» **Task to carry out**:
Nothing but the images is to be left out of your exact copy of the entries.

Phrase grounding data:
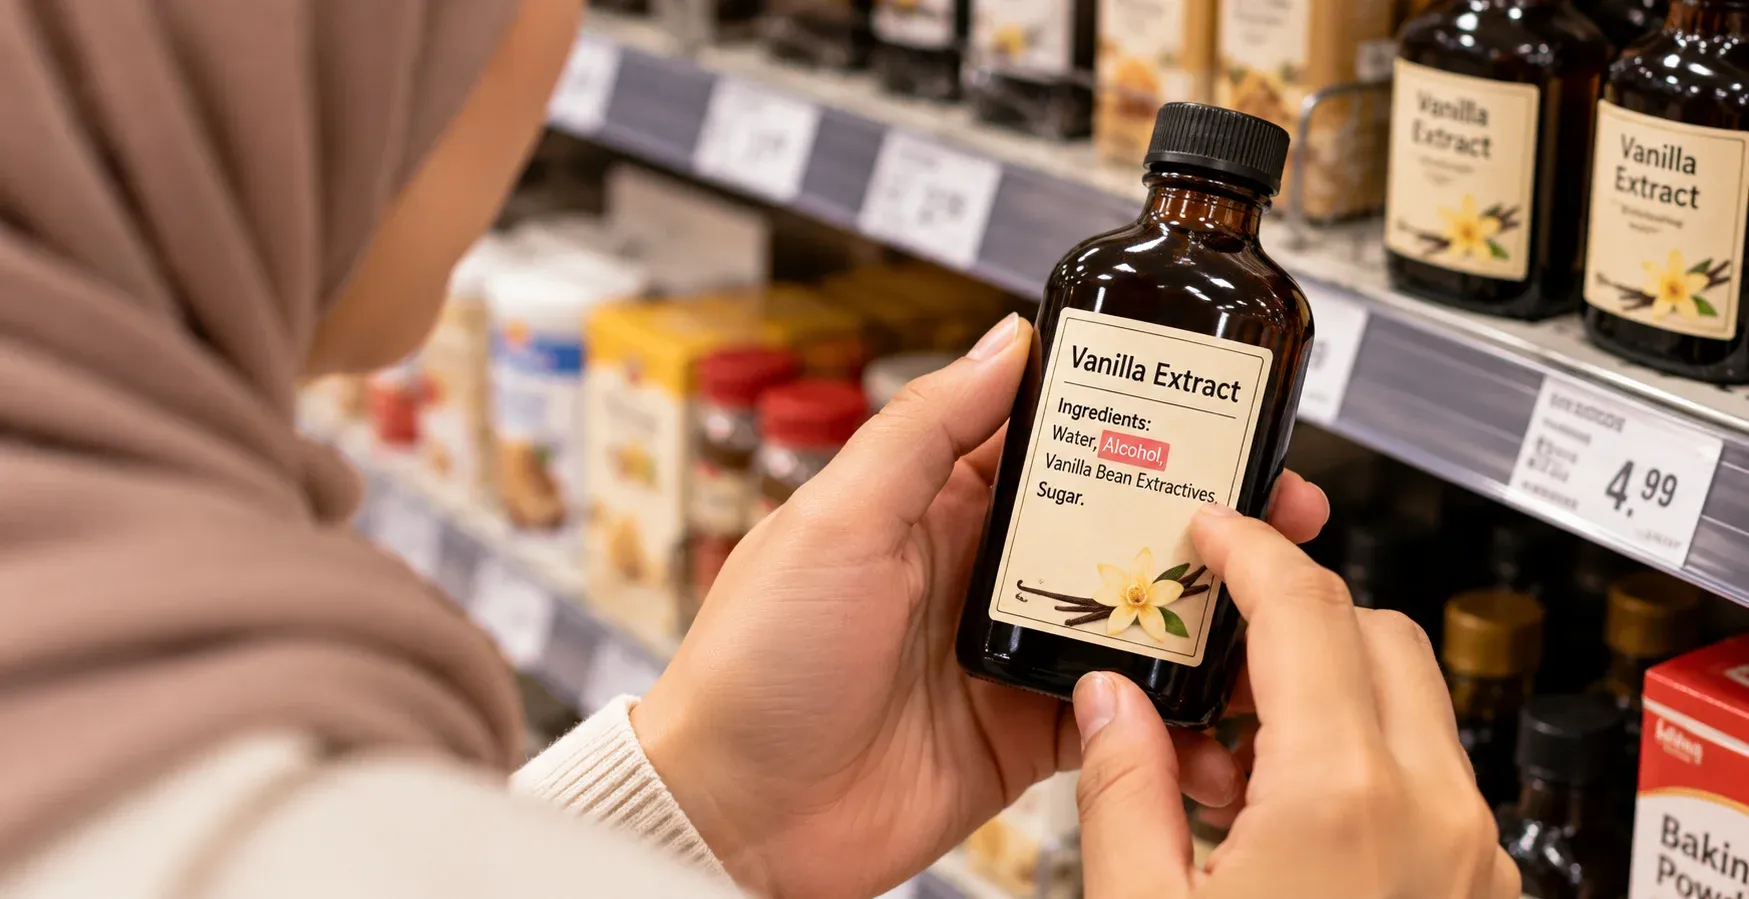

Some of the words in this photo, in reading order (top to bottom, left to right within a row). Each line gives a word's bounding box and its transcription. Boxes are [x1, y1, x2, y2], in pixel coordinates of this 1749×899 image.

[1416, 88, 1489, 127] Vanilla
[1412, 118, 1491, 159] Extract
[1620, 133, 1697, 175] Vanilla
[1615, 165, 1700, 210] Extract
[1071, 345, 1146, 383] Vanilla
[1152, 362, 1241, 403] Extract
[1057, 397, 1152, 431] Ingredients:
[1053, 424, 1097, 452] Water,
[1103, 436, 1164, 467] Alcohol,
[1046, 452, 1092, 477] Vanilla
[1095, 464, 1132, 485] Bean
[1036, 481, 1085, 506] Sugar.

» **Answer to the exercise**:
Some of the words in this photo, in reading order (top to bottom, left to right within a row). Each line gives a word's bounding box and its transcription. Boxes are [x1, y1, x2, y2], in pixel coordinates of this 1749×899 image.

[1416, 88, 1489, 127] Vanilla
[1412, 118, 1491, 159] Extract
[1620, 133, 1697, 175] Vanilla
[1615, 165, 1700, 210] Extract
[1071, 345, 1146, 383] Vanilla
[1152, 362, 1241, 403] Extract
[1057, 397, 1152, 431] Ingredients:
[1053, 424, 1097, 452] Water,
[1103, 436, 1164, 467] Alcohol,
[1046, 452, 1092, 477] Vanilla
[1095, 464, 1132, 485] Bean
[1036, 481, 1085, 506] Sugar.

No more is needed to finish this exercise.